## Action item:
Output every line below exactly, please, omitting pictures.

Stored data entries
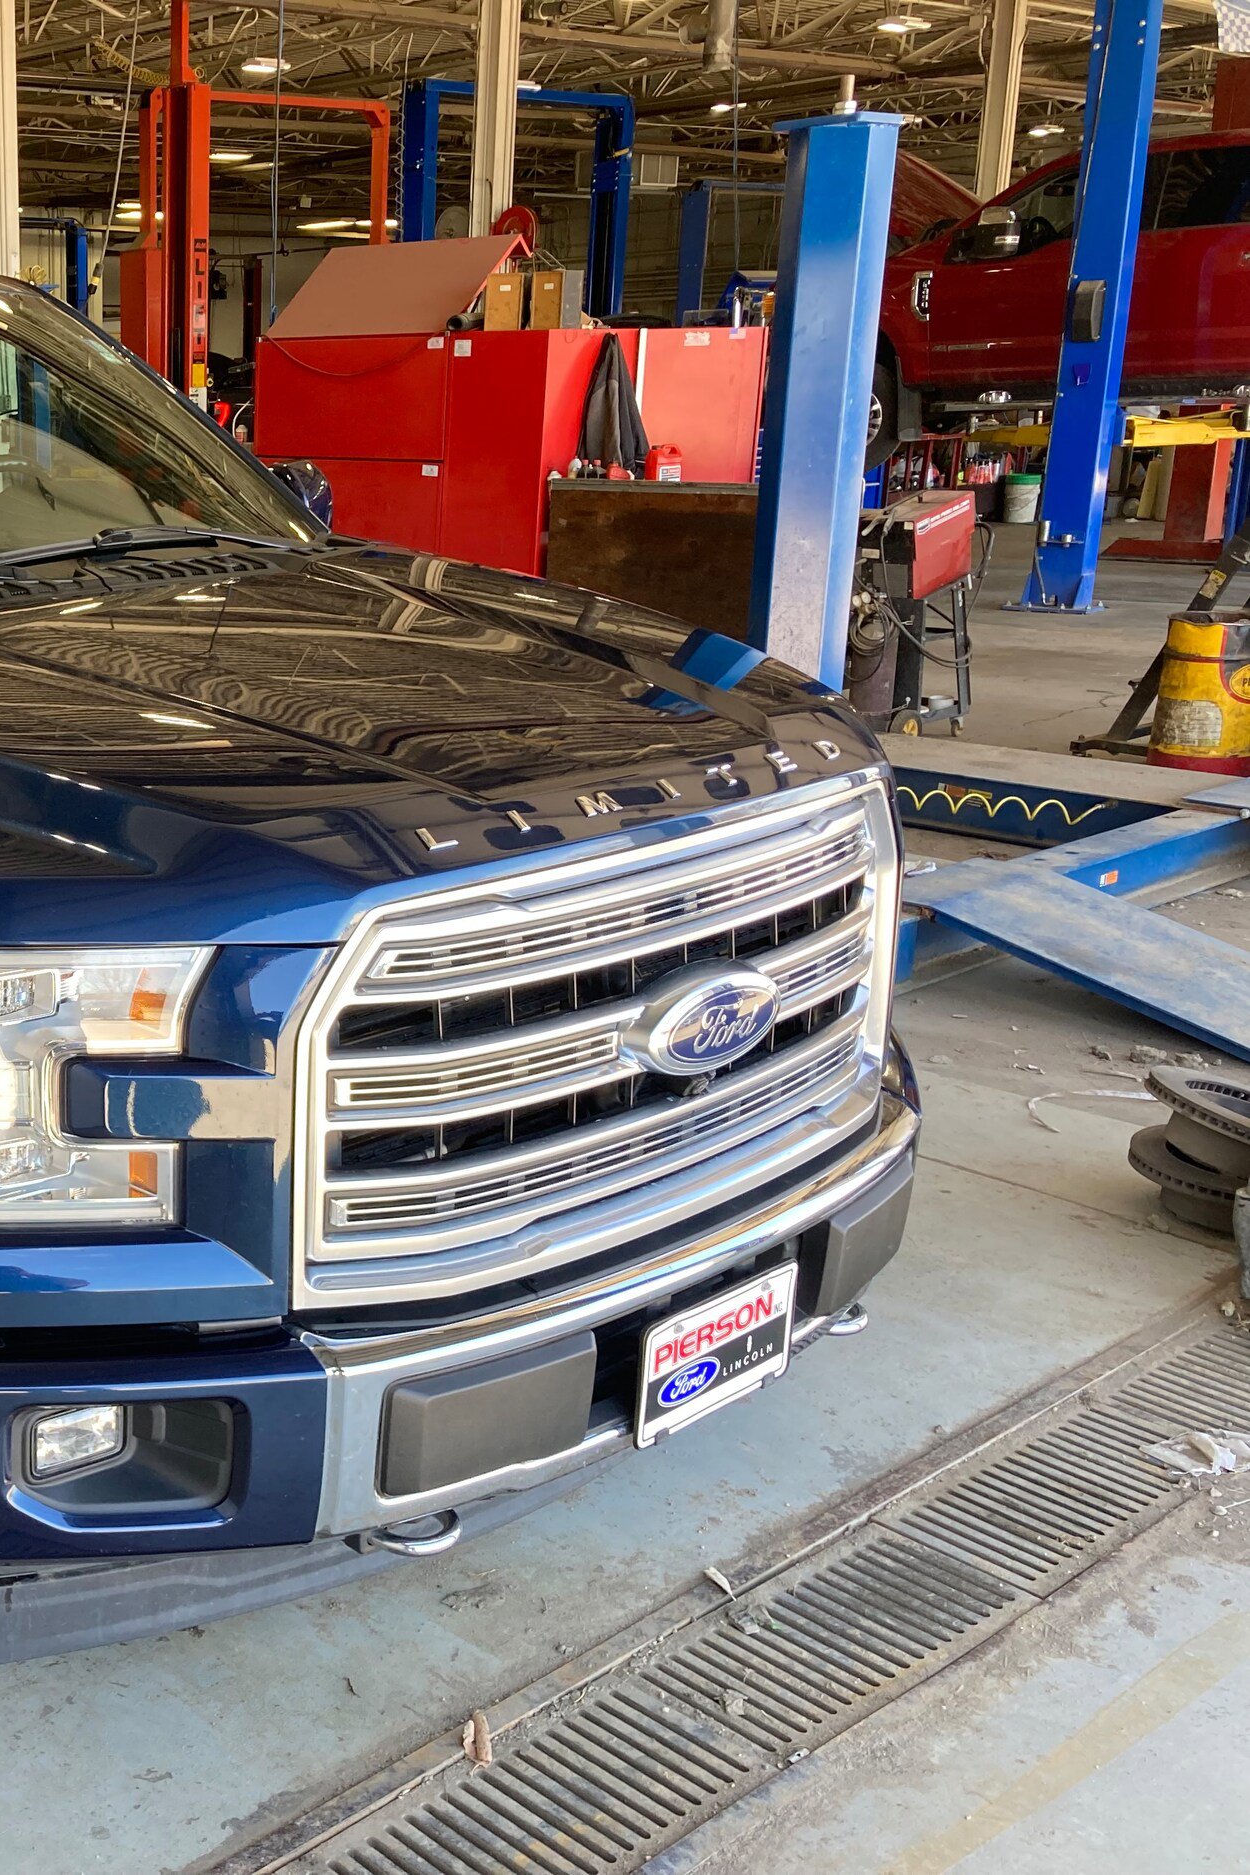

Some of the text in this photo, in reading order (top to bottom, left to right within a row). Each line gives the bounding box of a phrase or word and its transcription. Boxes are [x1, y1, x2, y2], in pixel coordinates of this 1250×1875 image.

[414, 739, 841, 852] LIMITED
[693, 994, 760, 1054] Ford
[652, 1291, 775, 1376] PIERSON
[722, 1342, 774, 1377] LINCOLN
[669, 1365, 707, 1400] Ford

## Answer space:
Some of the text in this photo, in reading order (top to bottom, left to right within a row). Each line gives the bounding box of a phrase or word and its transcription. Boxes are [x1, y1, x2, y2], in pixel coordinates of this 1250×1875 image.

[414, 739, 841, 852] LIMITED
[693, 994, 760, 1054] Ford
[652, 1291, 775, 1376] PIERSON
[722, 1342, 774, 1377] LINCOLN
[669, 1365, 707, 1400] Ford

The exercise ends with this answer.